Business frameworks can't replace thinking


It’s the time of year when we start reflecting on all the work we did and all the work we’ll need to do in the year ahead. For many of us, that means relying on a popular framework like OKRs (Objectives and Key Results) to guide us through the new year.

It got me thinking about Roger Martin’s critical post on OKRs titled the “OKR Hype Train” and the danger of ceding our thinking to a playbook. In a nutshell, Martin posits that businesses put so much faith in the OKR playbook they neglect developing a thoughtful strategy unique to their circumstances. And without a principled strategy, there’s no good way to decide what work should be done to take us from an “Objective” to a “Key Result”. Martin details how we can shoehorn deep thinking about the company’s strategy between the Os and KRs and solve the “and then a miracle occurs” step made famous in the S. Harris cartoon:

The OKR framework is just one example in a long parade of models that are widely used and which become foundational concepts underlying our shared understanding of how businesses should operate. Other examples include SWOT (Strength, Weakness, Opportunity, Threat), Clayton Christensen’s Disruptive Innovation Theory, and the long list of decision-making models (like DICE, RACI, and DARE).

Over time, previously innovative ways to help people think about markets, business, and work are ritualized and applied without much — if any — reflection on the current context or the limits of the models themselves. That is, of course, the benefit of a model. It offers an abstraction of the situation at hand and minimizes the time and effort required to determine the salient factors of a situation.

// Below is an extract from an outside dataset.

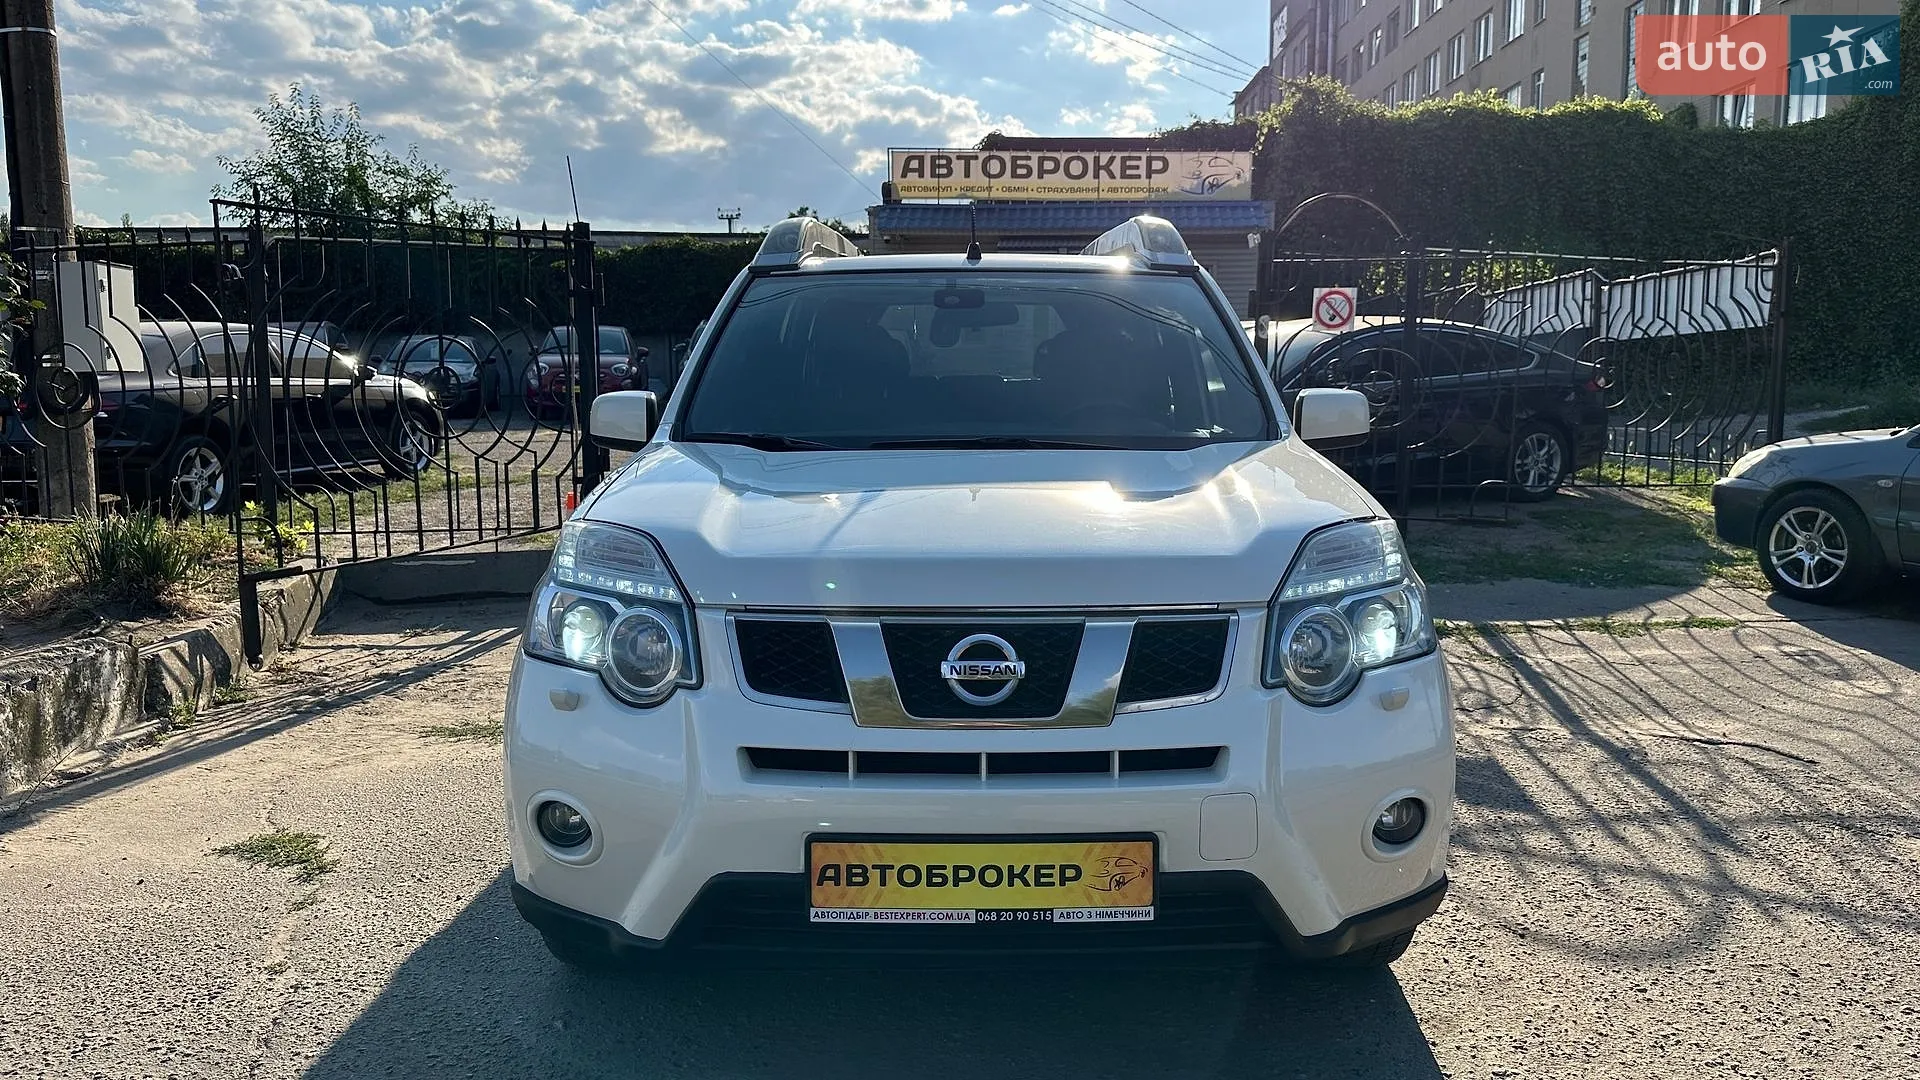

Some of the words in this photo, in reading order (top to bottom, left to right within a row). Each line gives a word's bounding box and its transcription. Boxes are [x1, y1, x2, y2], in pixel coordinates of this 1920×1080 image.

In my experience, the shiny appeal of abstract models lies in making decisions through deduction. But deduction relies on starting with facts we know to be true, and in complex systems like businesses, we must work with incomplete information of unknown accuracy and reliability. If the inputs to our models aren’t very good, we must instead rely on something else. I believe we should rely deeply internalized principles to guide us.

One approach to using internalized principles I’ve found helpful is making decisions based on explicit relative values. The approach uses “even over” statements to guide our decision making, like these:

  • Employees' wellbeing even over customer satisfaction
  • Customer satisfaction even over profits

With these principles in place, a customer support rep can make the decision to give a customer who has an emergency temporary free access to a paid tier of the product knowing customer satisfaction is more important than the profits from a single transaction.

A company, team, or individual can draw upon internalized principles like these when deciding a course of action that will take them from an Objective to Key Results, without resorting to some Harvard Business Review article on strategy.

Martin offers one critical takeaway, when focusing on the missing piece, saying “desire is not strategy”:

"But desire (as with hope) is simply not a strategy. The desire to achieve the named key results won’t cause those key results to happen. You may desire the substantial rise in your NPS, but if you are serving customers that your key competitor serves better than you do, your NPS is unlikely to rise — even though you really want it to. Your strategy is the thing that will cause your NPS to rise or your customer churn to fall, or your customer acquisition to strengthen."

Perhaps this year, before forging ahead and hoping OKRs lead to success, it would be worthwhile to write down your principles and see if they help you navigate the chasm between Objectives and Key Results. Models will never be a substitute for the hard work of strategic thought.